Abrirles caminos a los derechos y deberes humanos en la cultura y en los ordenamientos sociales y económicos, e ir aún más lejos, promoviendo la dignidad de la persona y de la familia, y acogiendo y abrazando los demás proyectos de Dios en favor de la vida en Cristo de nuestros pueblos, colaborando con Él con verdadera pasión, cada uno según los talentos, las gracias y las oportunidades que Dios le brinda, es parte del espíritu de Aparecida.
9. El clamor por un despertar misionero
Es una realidad que no podemos ni queremos ignorar. El Pueblo de Dios en nuestro continente no ha tenido conciencia de su vocación misionera. Se acostumbró a recibir misioneros.

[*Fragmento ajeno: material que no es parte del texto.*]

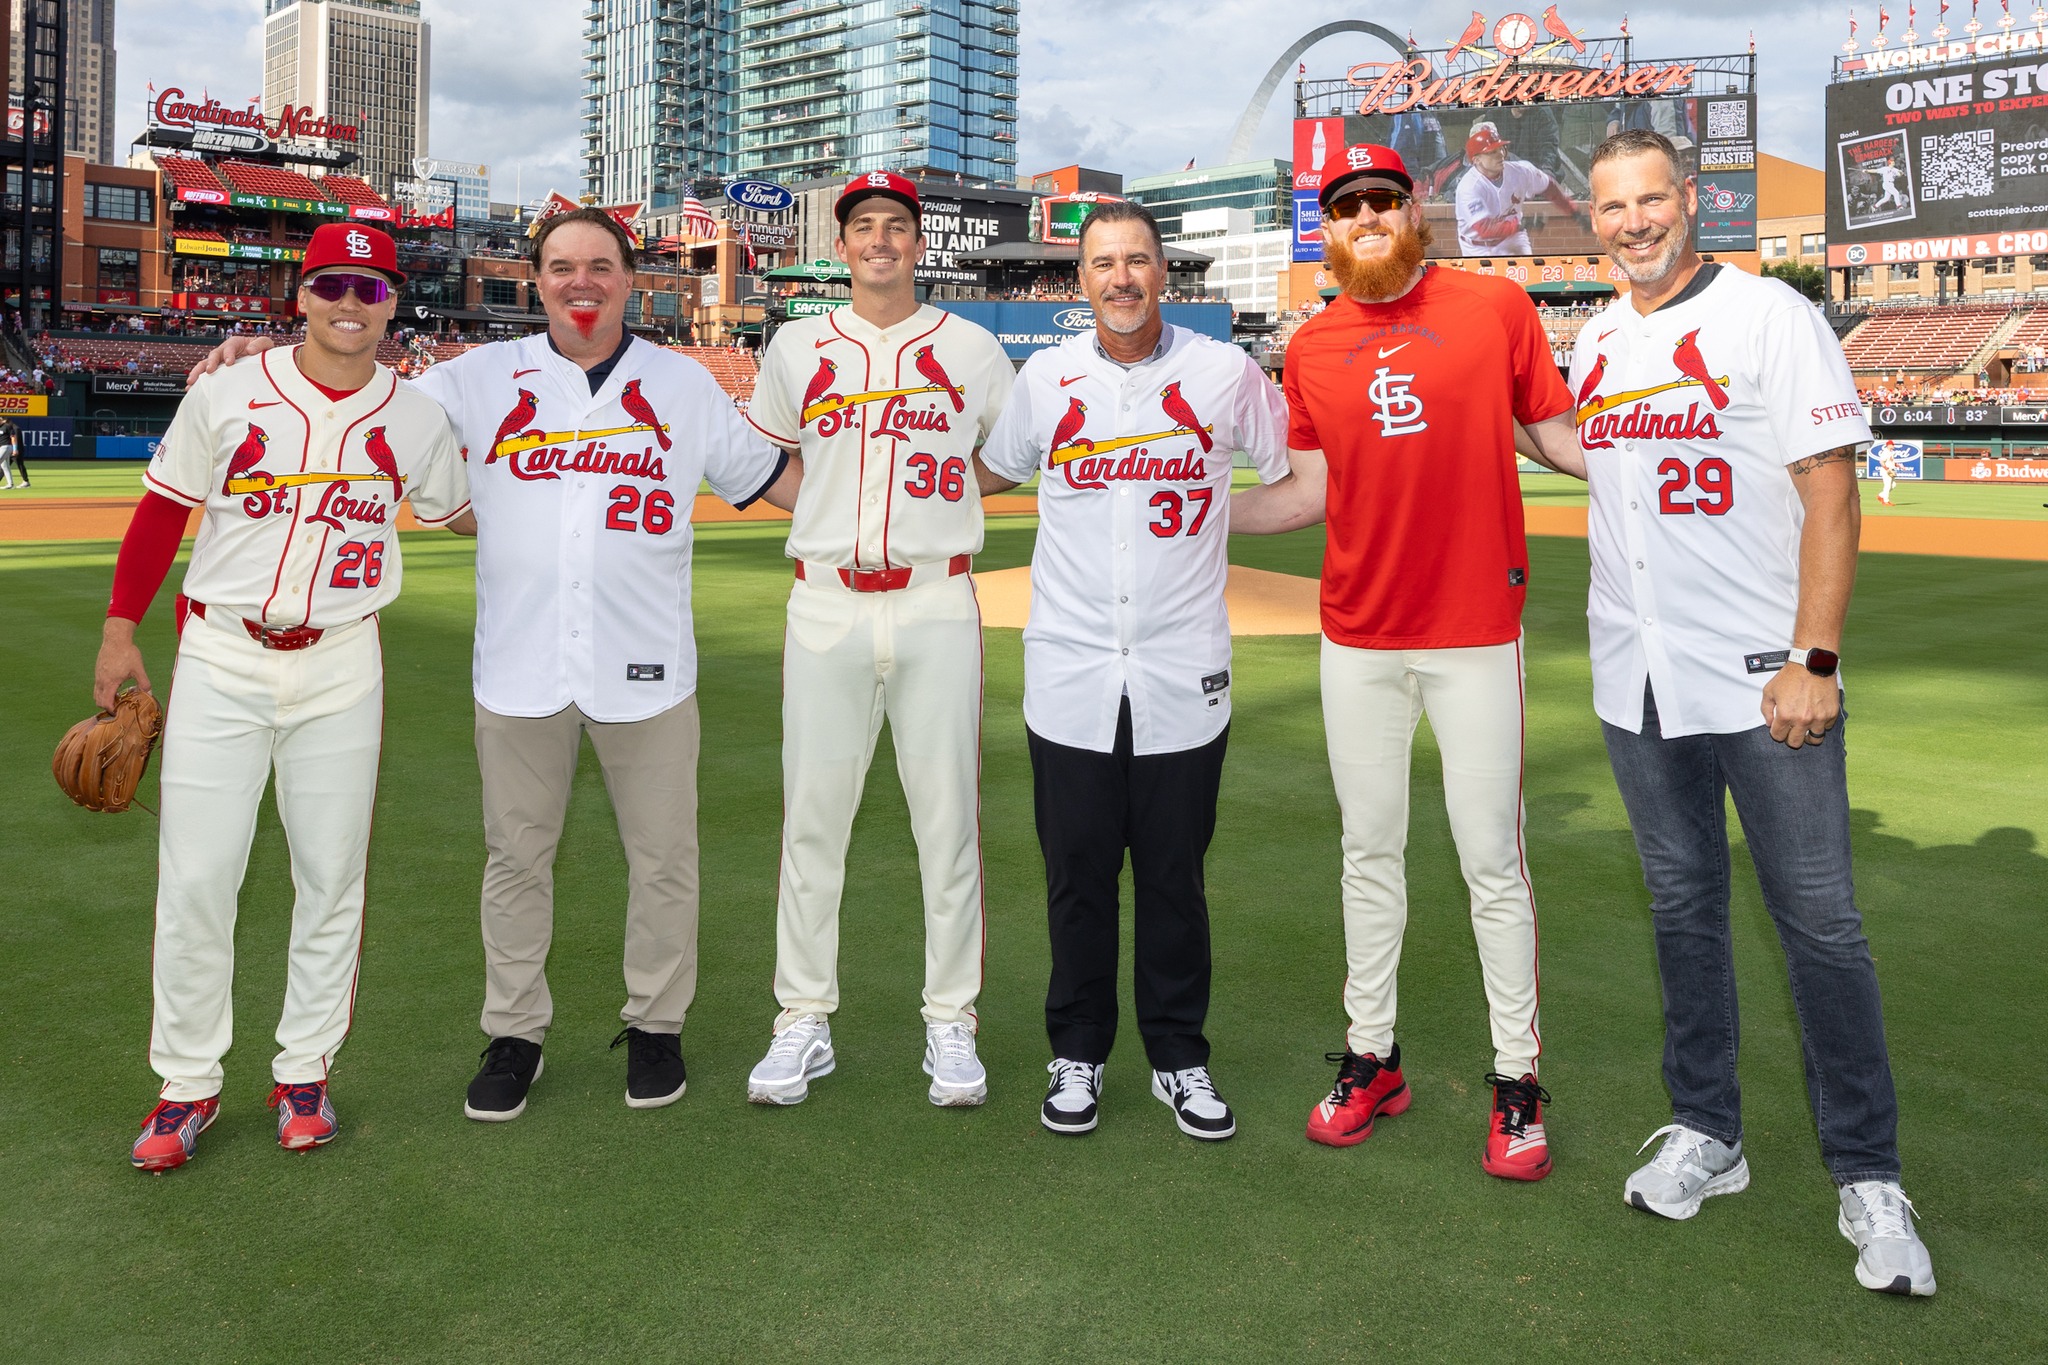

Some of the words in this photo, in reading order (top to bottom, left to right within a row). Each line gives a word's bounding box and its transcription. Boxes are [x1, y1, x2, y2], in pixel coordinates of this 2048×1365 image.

[1863, 42, 1968, 72] WORLD
[1975, 29, 2048, 56] CHA
[1346, 53, 1695, 116] Budweiser
[1886, 74, 1972, 112] ONE
[155, 87, 267, 130] Cardinals
[267, 104, 359, 142] Nation
[1885, 112, 1922, 125] TWO
[1926, 106, 1970, 120] WAYS
[1973, 101, 1995, 115] TO
[1998, 94, 2048, 112] EXPE
[192, 130, 257, 149] HOFFMANN
[1840, 130, 1859, 139] Book!
[277, 144, 341, 160] ROOFTOP
[1847, 147, 1862, 157] THE
[1863, 138, 1899, 150] HARDEST
[2001, 138, 2048, 153] Preord
[1701, 151, 1754, 165] DISASTER
[1854, 147, 1893, 163] COMEBACK
[2001, 153, 2035, 165] copy
[2001, 164, 2037, 177] book
[184, 190, 217, 200] HOFFMANN
[255, 195, 267, 208] KC
[272, 199, 277, 208] 1
[305, 202, 311, 211] 2
[741, 183, 783, 207] Ford
[355, 208, 384, 217] HOFFMANN
[918, 201, 961, 214] TPHORM
[395, 204, 455, 230] Live!
[921, 214, 960, 233] ROM
[964, 218, 999, 236] THE
[732, 219, 794, 238] Community
[180, 243, 205, 251] Edward
[750, 233, 785, 245] merica
[947, 234, 986, 252] AND
[1882, 237, 1968, 261] BROWN
[1975, 241, 1991, 255] &
[1997, 231, 2048, 254] CRO
[284, 250, 290, 259] 2
[917, 249, 962, 268] E'R
[1849, 249, 1864, 259] BC
[1505, 266, 1528, 282] 20
[1542, 266, 1563, 282] 23
[1574, 265, 1597, 281] 24
[793, 302, 835, 314] SAFETY
[997, 334, 1030, 344] TRUCK
[1032, 335, 1054, 344] AND
[1355, 327, 1387, 351] LOUIS
[1391, 323, 1445, 348] BASEBALL
[106, 381, 133, 392] Mercy
[818, 392, 861, 438] St.
[870, 395, 951, 443] Louis
[1580, 394, 1723, 450] Cardinals
[1811, 402, 1862, 426] STIFEL
[1903, 410, 1933, 422] 6:04
[1965, 410, 1988, 422] 83°
[2012, 411, 2040, 423] Mercy
[21, 430, 71, 447] TIFEL
[509, 429, 667, 481] Cardinals
[1065, 438, 1208, 490] Cardinals
[1995, 463, 2048, 478] Budwe
[904, 452, 966, 502] 36
[1855, 468, 1865, 478] 5'
[1657, 457, 1734, 516] 29
[243, 471, 293, 519] St.
[304, 480, 387, 533] Louis
[605, 484, 675, 535] 26
[1149, 487, 1213, 538] 37
[329, 541, 384, 588] 26

Creyó que todos los latinoamericanos estaban bautizados y que en su inmensa mayoría pertenecían a la Iglesia católica. En tiempos no tan lejanos, pensábamos que no era necesario ir de puerta en puerta a misionar. A lo sumo había que convocar de vez en cuando a misiones en los campos, trayendo a predicadores y confesores religiosos para que las predicaran. En las ciudades, las misiones generales eran escasas, aunque lograban una movilización mayor de misioneros laicos. Muy pocos latinoamericanos partían en misión «ad gentes».
Pasaron esos tiempos. El número de los católicos ha disminuido en el último decenio como nunca antes en la historia, a la vez que se multiplican las comunidades pentecostales y las sectas. Ha aumentado la indiferencia y la increencia; esta última, en varios países, entre muchos jóvenes. La urgencia de salir a evangelizar se ha hecho imperiosa. Gracias a Dios, actualmente surgen en nuestras Iglesias numerosas iniciativas misioneras; se activa la vocación de un gran número de bautizados, jóvenes y adultos, a la santidad y el apostolado, que comparten la fecundidad y la satisfacción de ser misioneros, aun en circunstancias adversas, sobre todo en sus propios países. También los Congresos misioneros (CAM y COMLA) han impulsado este despertar misionero.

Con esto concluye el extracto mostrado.